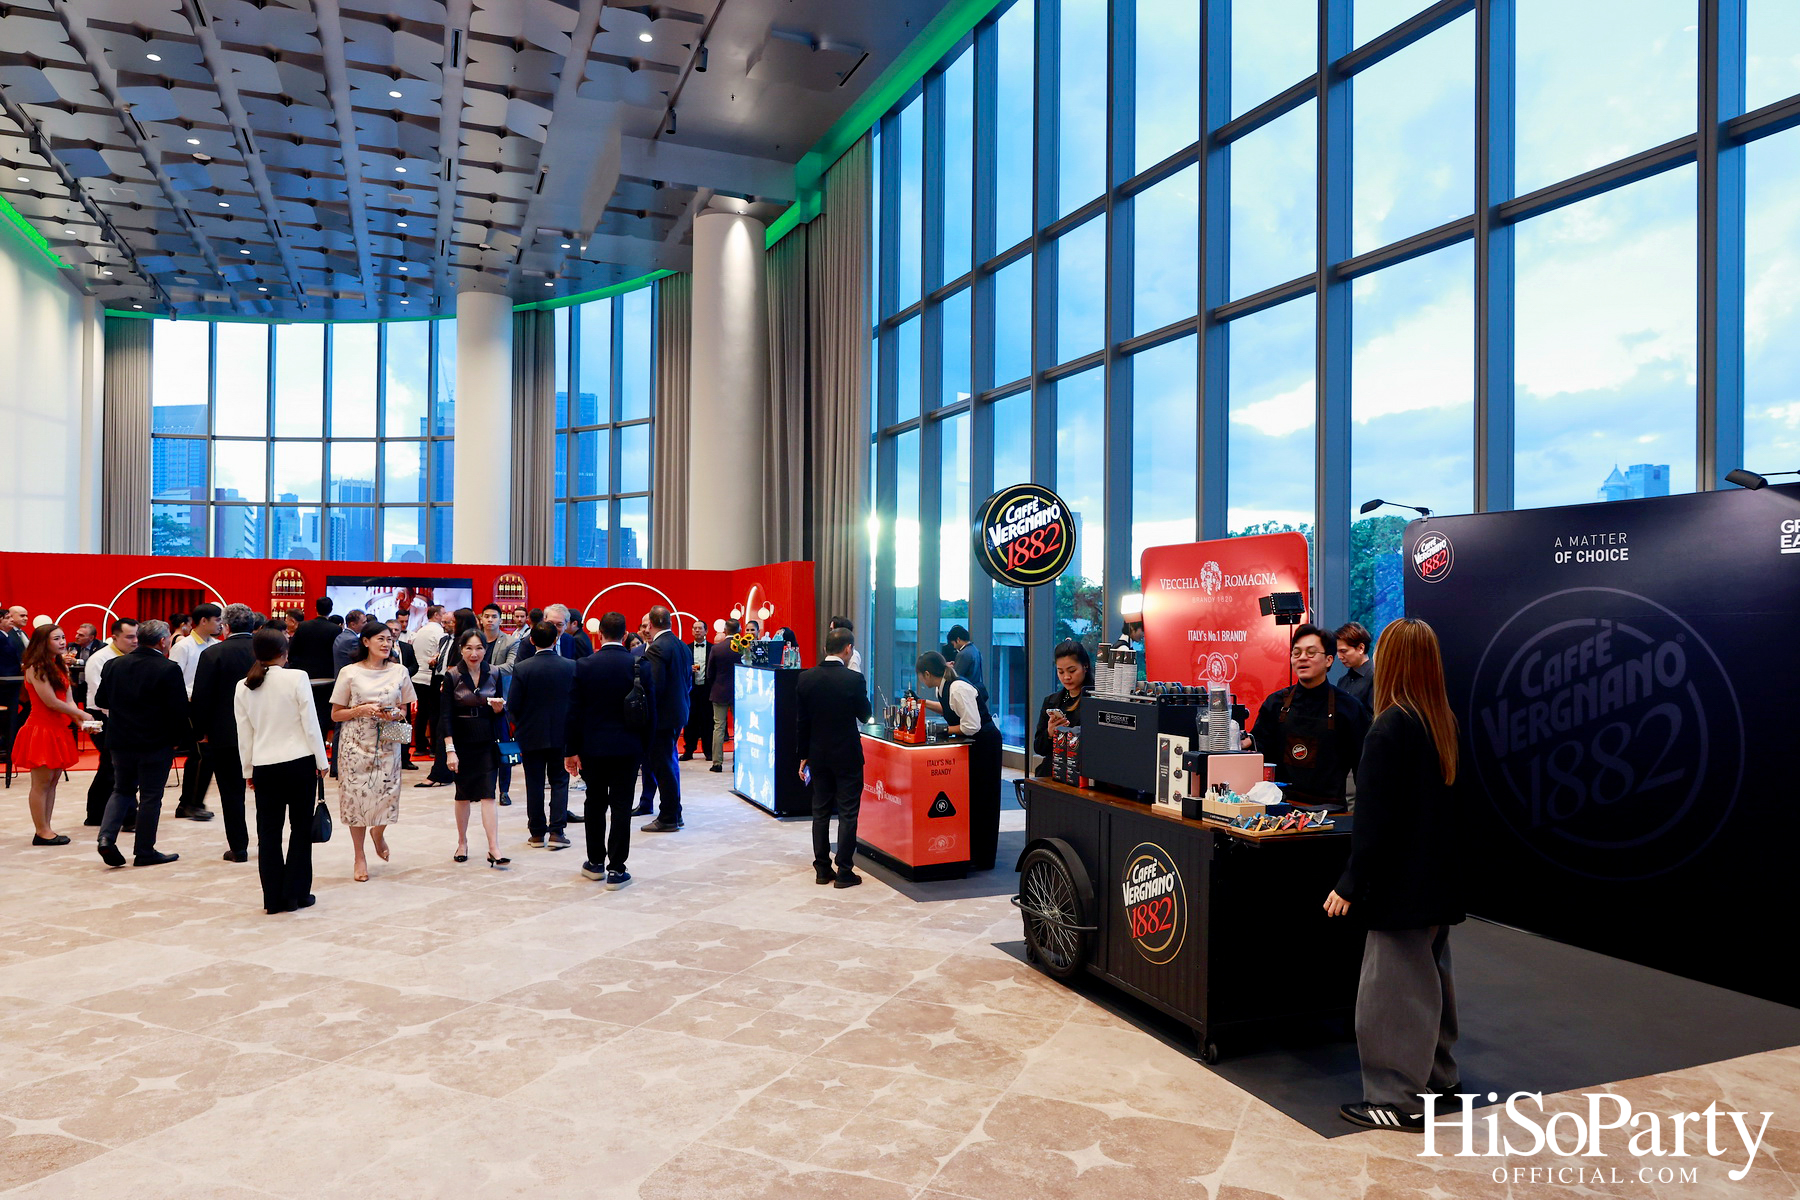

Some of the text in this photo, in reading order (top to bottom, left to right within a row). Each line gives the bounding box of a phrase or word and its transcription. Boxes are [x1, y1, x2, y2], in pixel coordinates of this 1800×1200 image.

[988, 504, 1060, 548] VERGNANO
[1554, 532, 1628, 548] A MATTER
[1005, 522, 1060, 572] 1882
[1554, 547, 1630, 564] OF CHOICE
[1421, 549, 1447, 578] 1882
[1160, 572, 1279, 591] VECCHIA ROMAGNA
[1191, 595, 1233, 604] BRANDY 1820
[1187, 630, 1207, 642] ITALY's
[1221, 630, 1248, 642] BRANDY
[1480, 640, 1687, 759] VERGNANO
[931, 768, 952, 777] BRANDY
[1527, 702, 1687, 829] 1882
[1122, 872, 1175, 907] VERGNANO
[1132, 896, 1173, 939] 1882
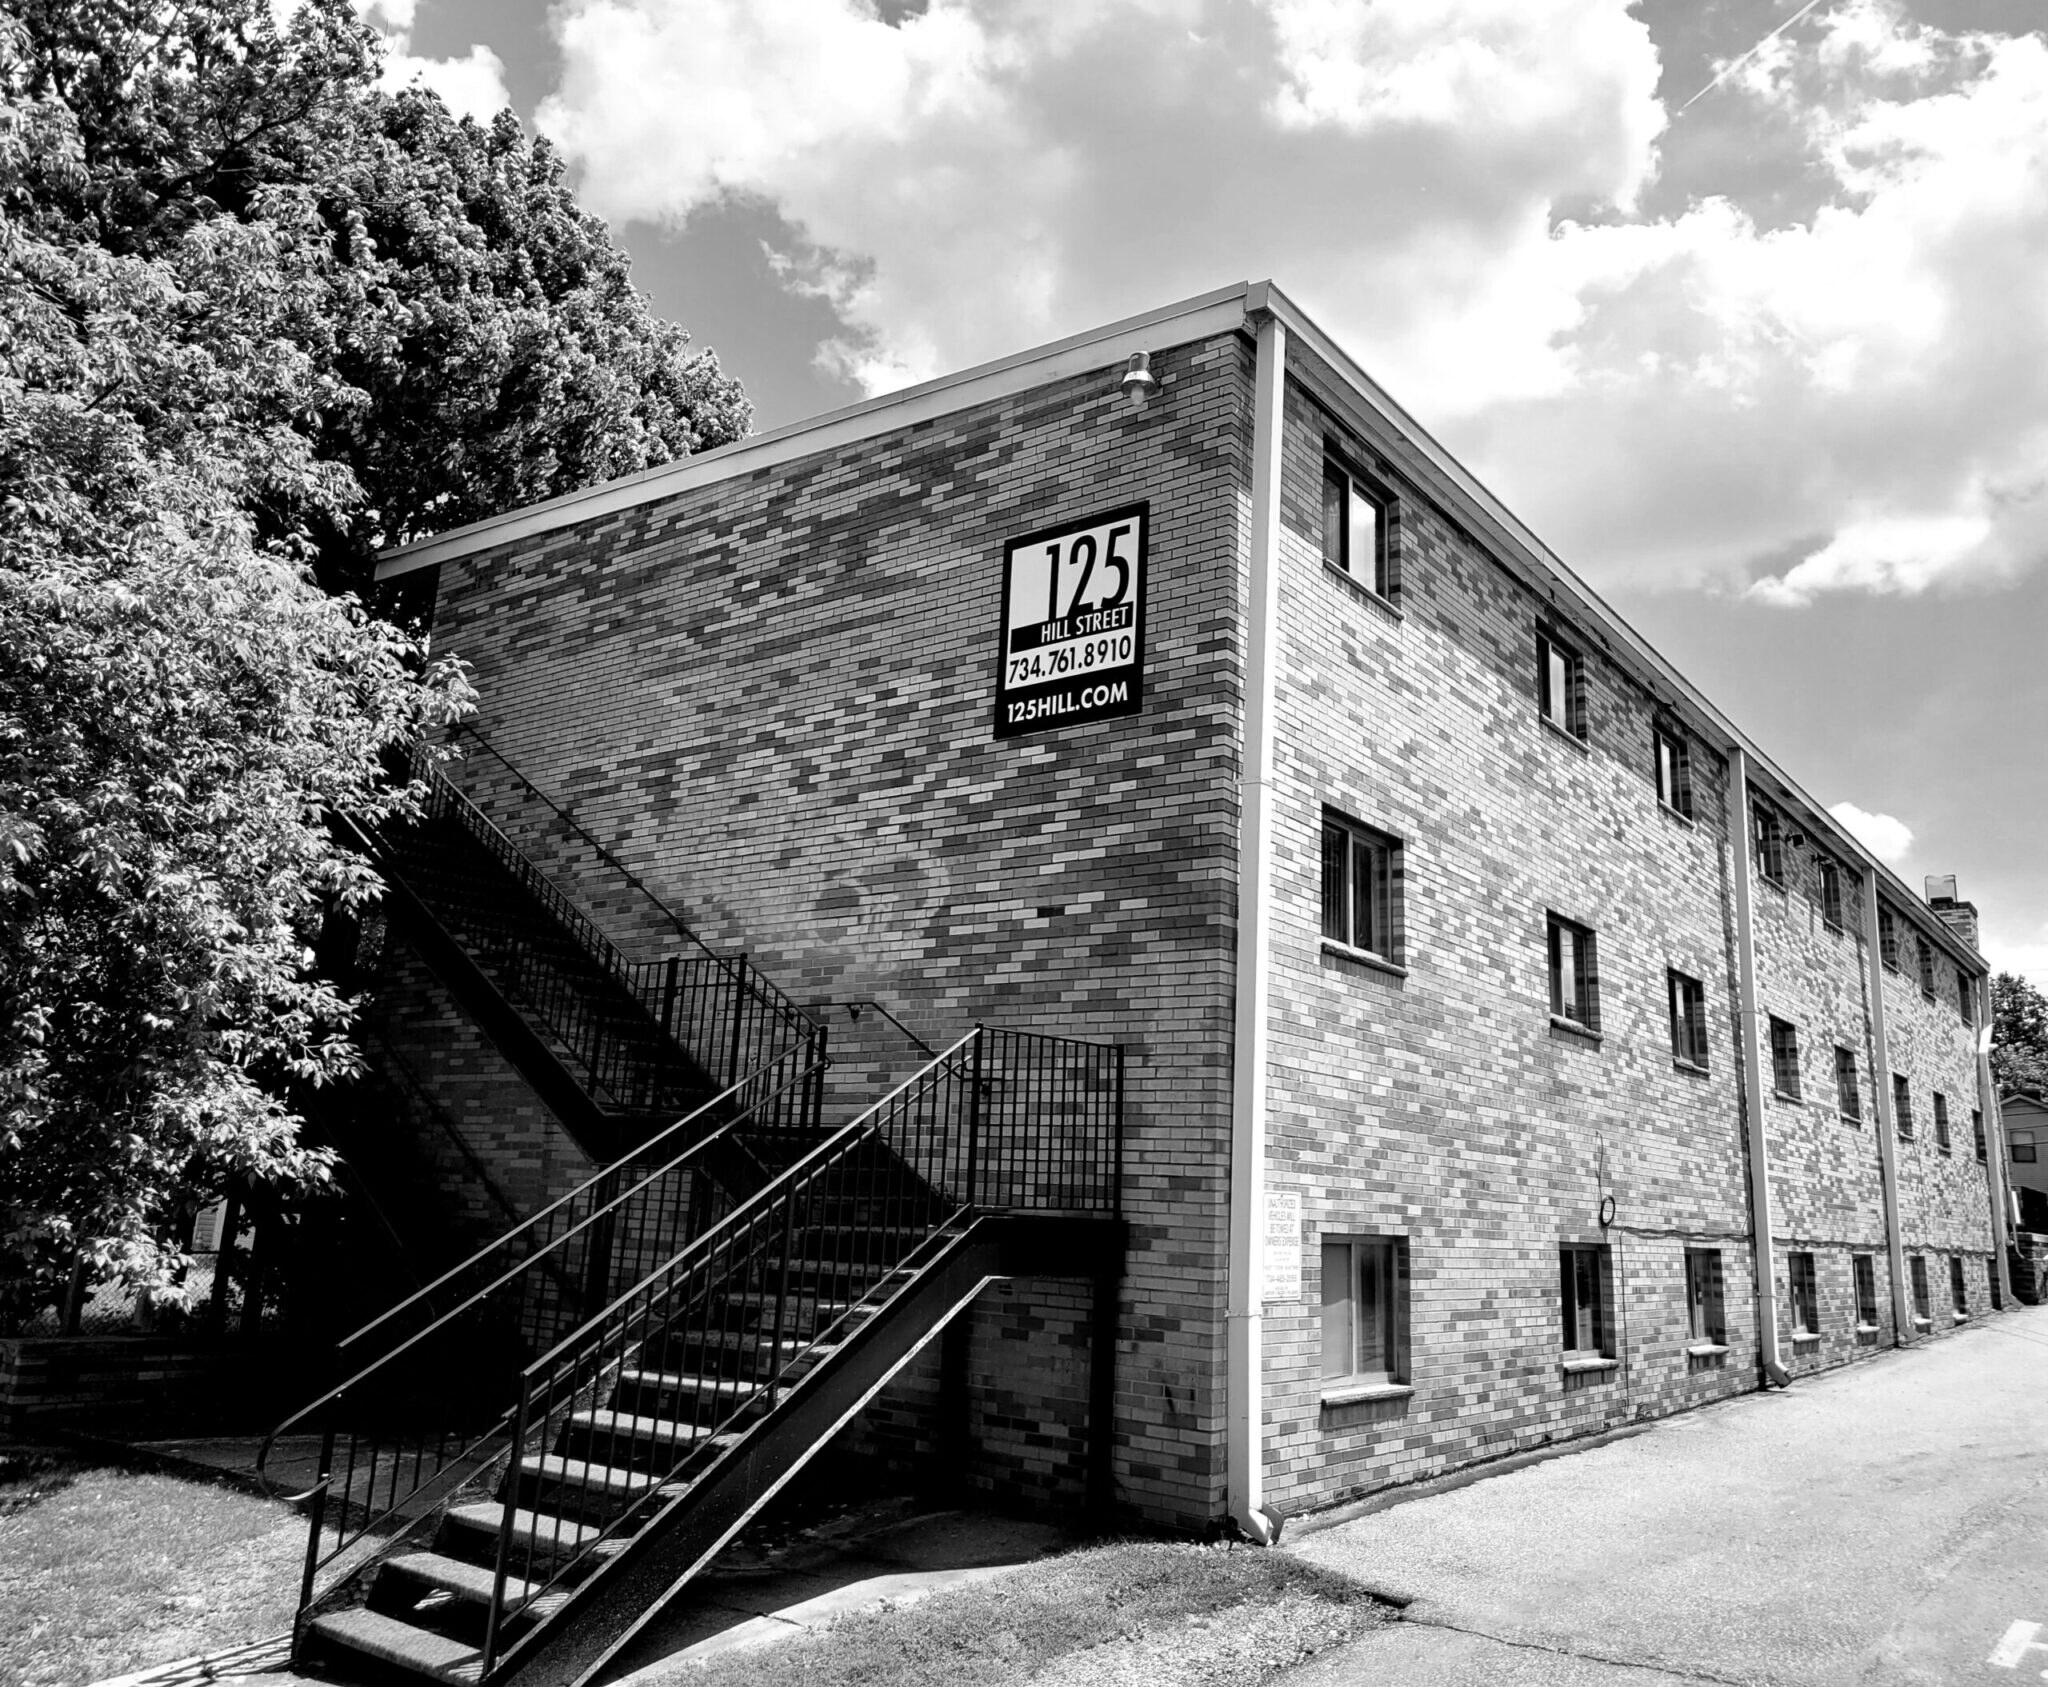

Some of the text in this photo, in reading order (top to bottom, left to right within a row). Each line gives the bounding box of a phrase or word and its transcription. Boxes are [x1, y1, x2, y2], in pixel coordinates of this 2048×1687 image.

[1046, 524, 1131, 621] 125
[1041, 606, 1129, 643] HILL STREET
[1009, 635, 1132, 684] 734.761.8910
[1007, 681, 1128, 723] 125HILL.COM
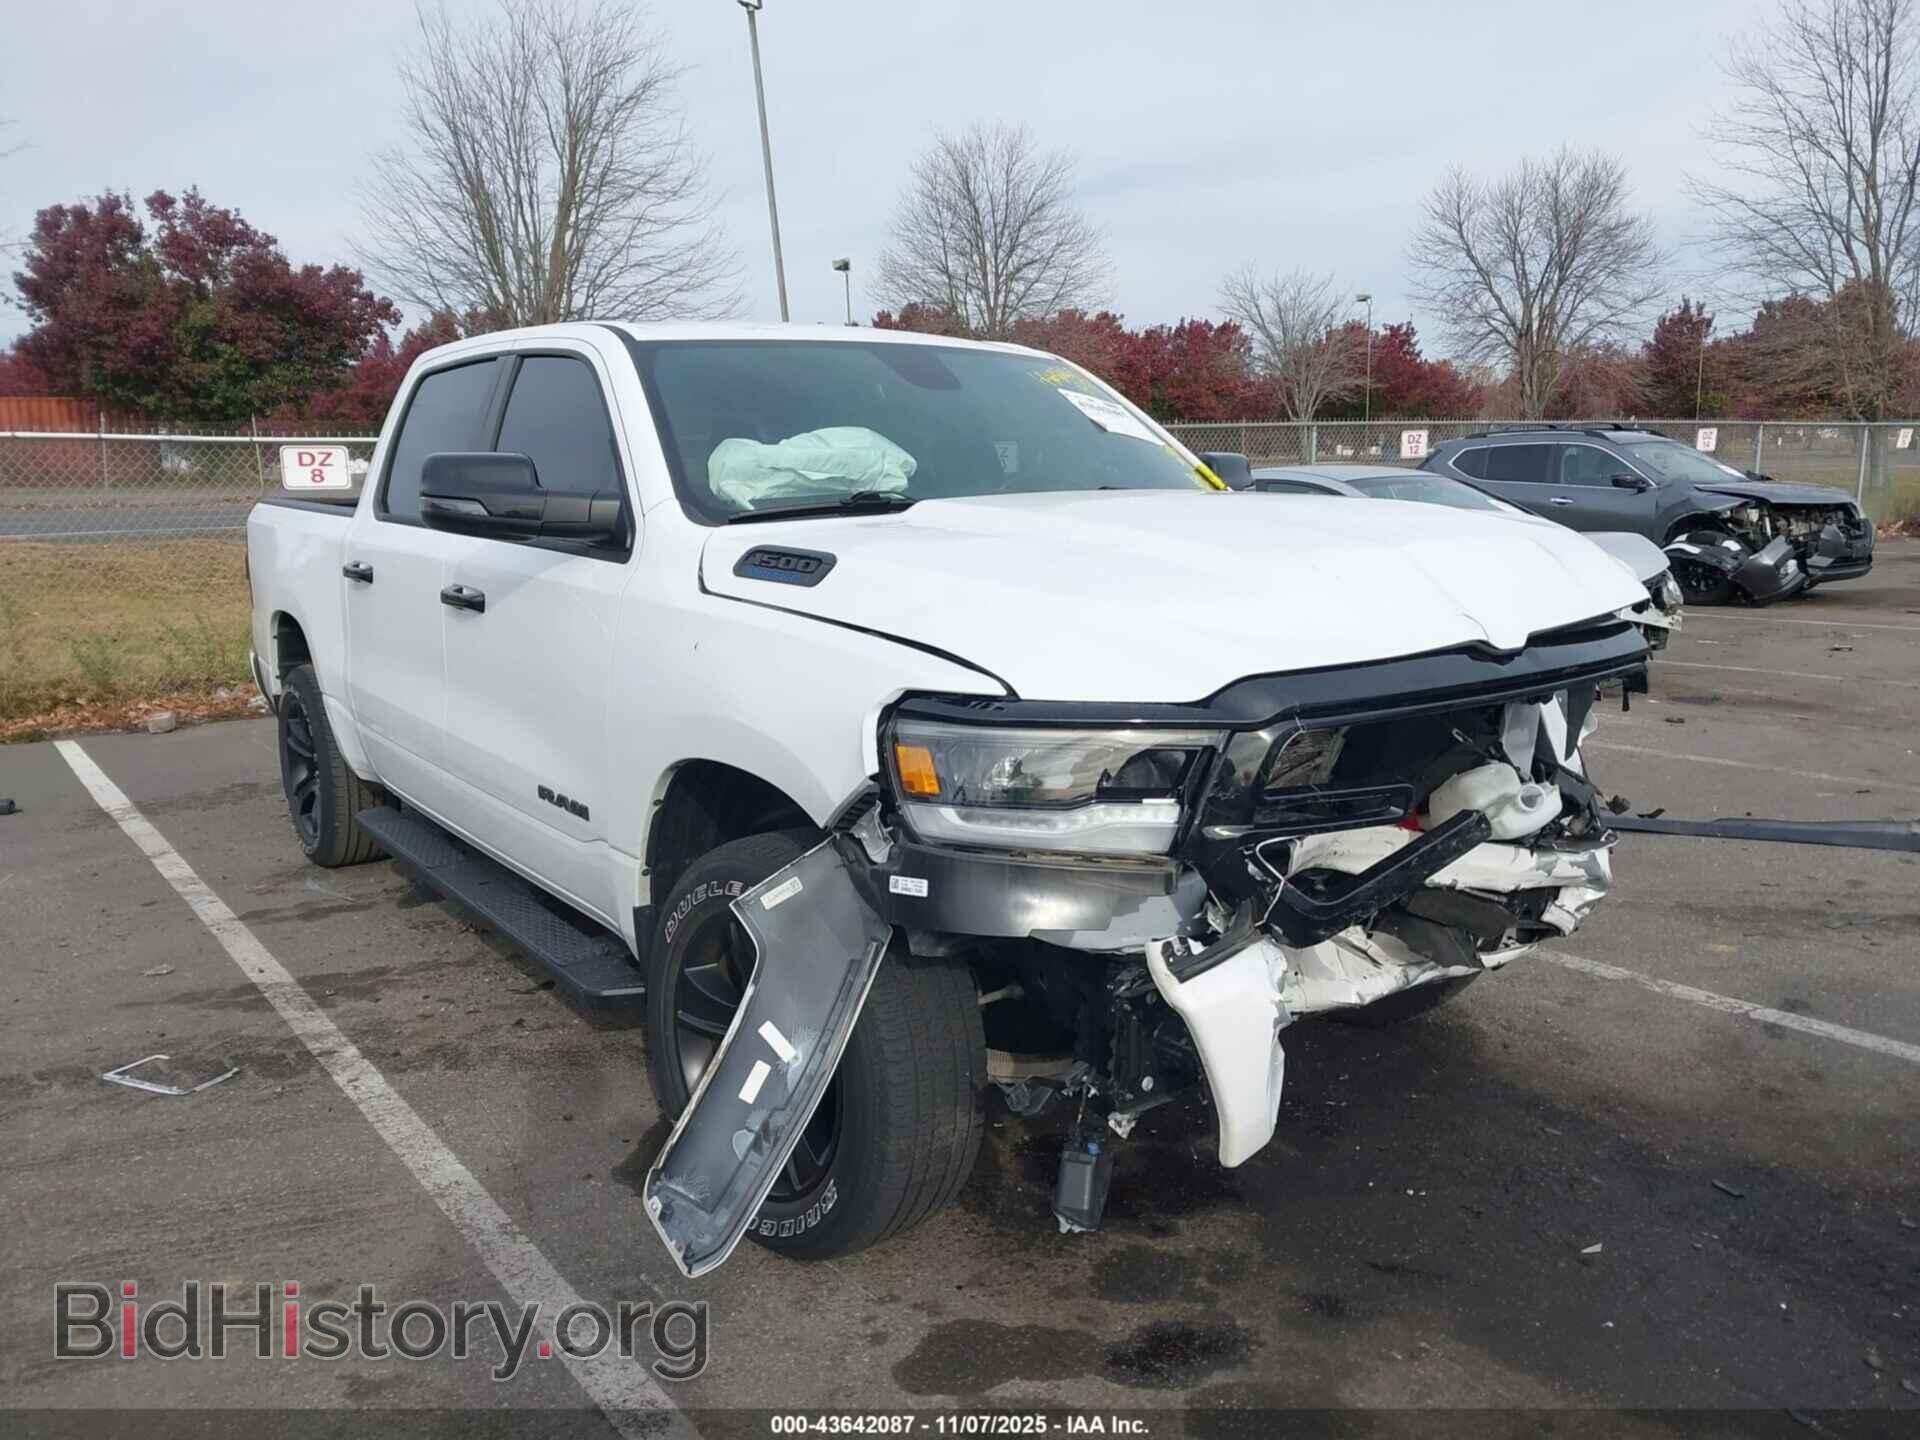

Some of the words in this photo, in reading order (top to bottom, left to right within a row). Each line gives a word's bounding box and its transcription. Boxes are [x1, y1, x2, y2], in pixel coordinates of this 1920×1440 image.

## ACTIVITY
Pictures are not part of the copy; reproduce everything else in the records exactly.

## YOUR RESPONSE
Some of the text in this photo, in reading order (top to bottom, left to right within a row). Each line gives the bounding box of a phrase or word and its transcription. Boxes are [x1, y1, x2, y2], in pixel coordinates of this 1800×1200 image.

[988, 504, 1060, 548] VERGNANO
[1554, 532, 1628, 548] A MATTER
[1005, 522, 1060, 572] 1882
[1554, 547, 1630, 564] OF CHOICE
[1421, 549, 1447, 578] 1882
[1160, 572, 1279, 591] VECCHIA ROMAGNA
[1191, 595, 1233, 604] BRANDY 1820
[1187, 630, 1207, 642] ITALY's
[1221, 630, 1248, 642] BRANDY
[1480, 640, 1687, 759] VERGNANO
[931, 768, 952, 777] BRANDY
[1527, 702, 1687, 829] 1882
[1122, 872, 1175, 907] VERGNANO
[1132, 896, 1173, 939] 1882

Some of the text in this photo, in reading order (top to bottom, left to right within a row). Each line gives the bounding box of a phrase or word and its transcription. Boxes are [x1, y1, x2, y2], in pixel coordinates of this 2048×1687 image.

[1046, 524, 1131, 621] 125
[1041, 606, 1129, 643] HILL STREET
[1009, 635, 1132, 684] 734.761.8910
[1007, 681, 1128, 723] 125HILL.COM

Some of the words in this photo, in reading order (top to bottom, left to right within a row). Each line gives a word's bounding box and its transcription. Boxes are [x1, y1, x2, y2], in pixel coordinates of this 1920×1440 image.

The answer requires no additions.